▶ Work required
Images aside, return all the entries exactly.

Stored data entries

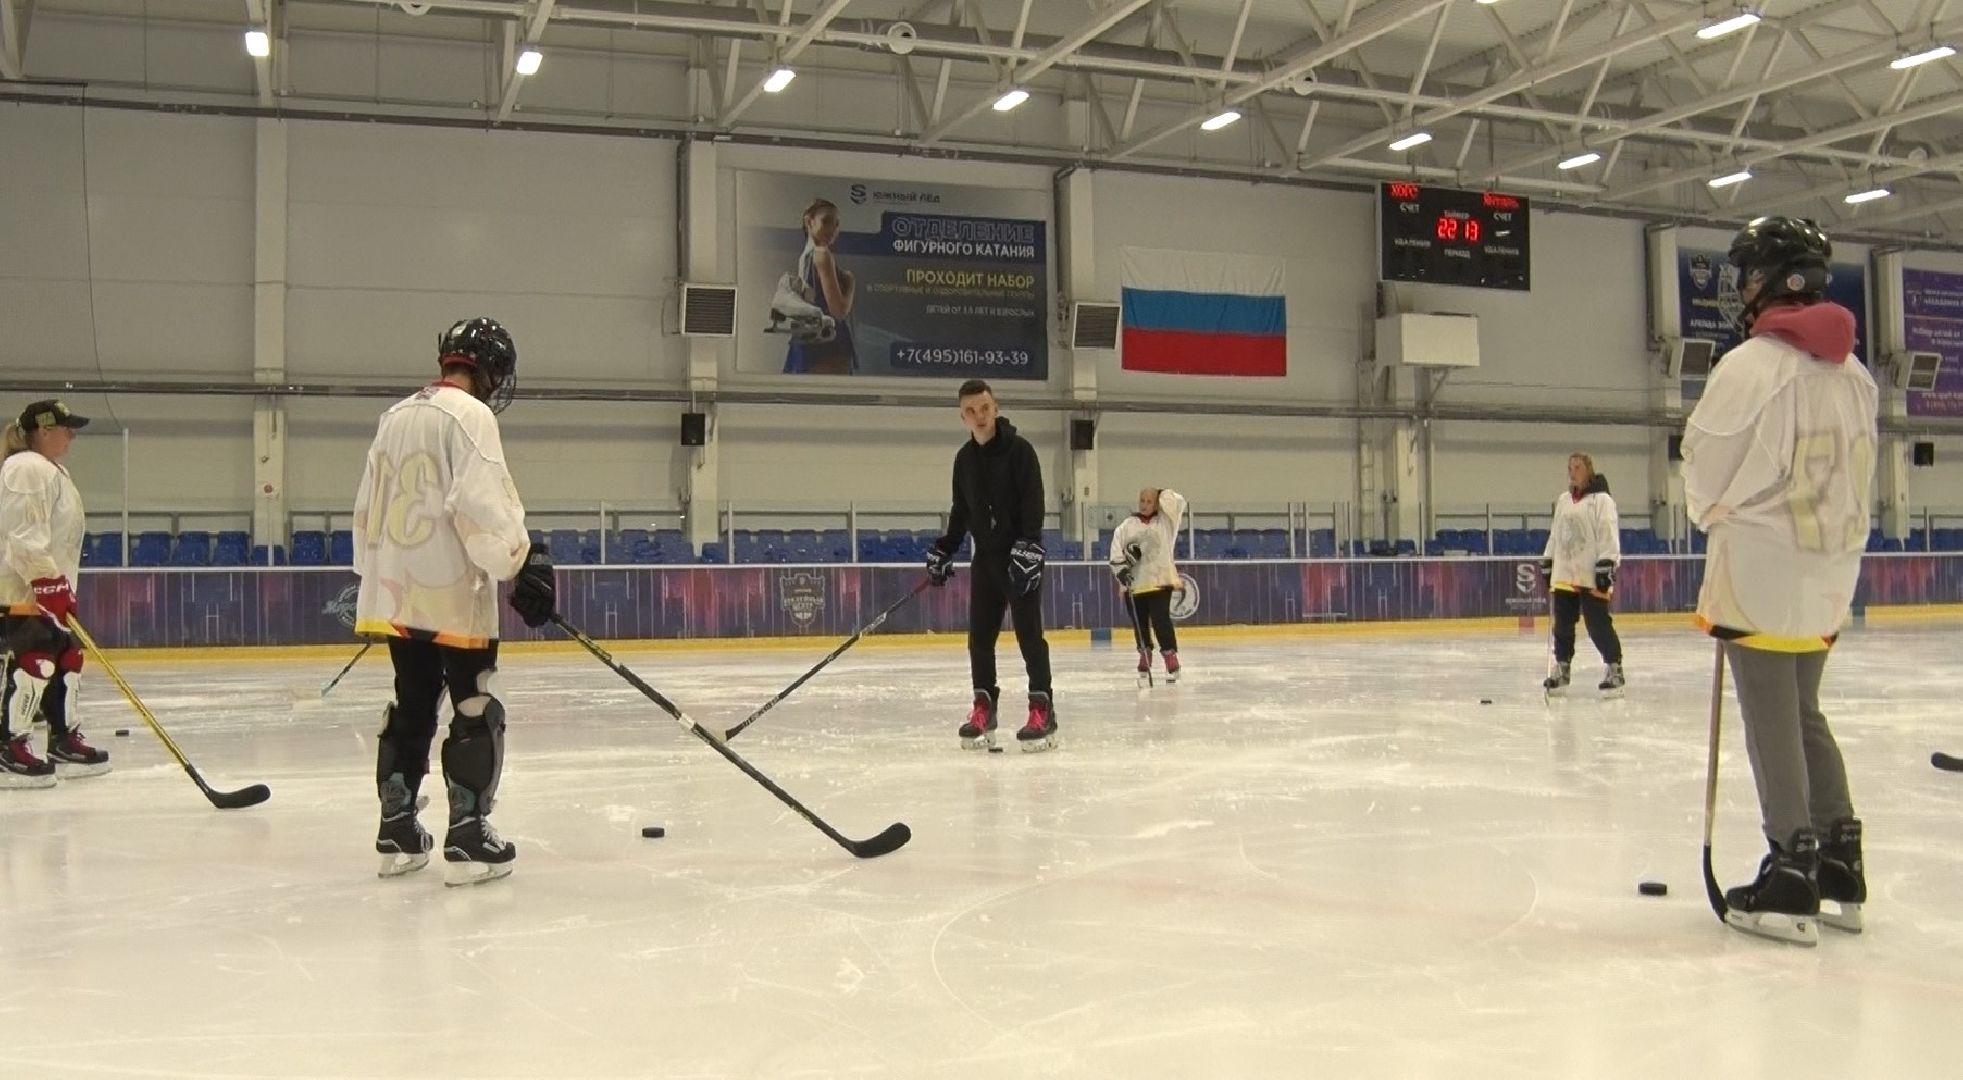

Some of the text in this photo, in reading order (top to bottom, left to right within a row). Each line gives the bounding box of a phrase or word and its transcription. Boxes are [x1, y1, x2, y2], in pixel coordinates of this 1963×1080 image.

[891, 217, 1035, 243] ОТДЕЛЕНИЕ
[892, 240, 1035, 259] ФИГУРНОГО КАТАНИЯ
[906, 269, 1035, 289] ПРОХОДИТ НАБОР
[897, 348, 1029, 366] +7(495)161-93-39

▶ Result of the exercise
Some of the text in this photo, in reading order (top to bottom, left to right within a row). Each line gives the bounding box of a phrase or word and its transcription. Boxes are [x1, y1, x2, y2], in pixel coordinates of this 1963×1080 image.

[891, 217, 1035, 243] ОТДЕЛЕНИЕ
[892, 240, 1035, 259] ФИГУРНОГО КАТАНИЯ
[906, 269, 1035, 289] ПРОХОДИТ НАБОР
[897, 348, 1029, 366] +7(495)161-93-39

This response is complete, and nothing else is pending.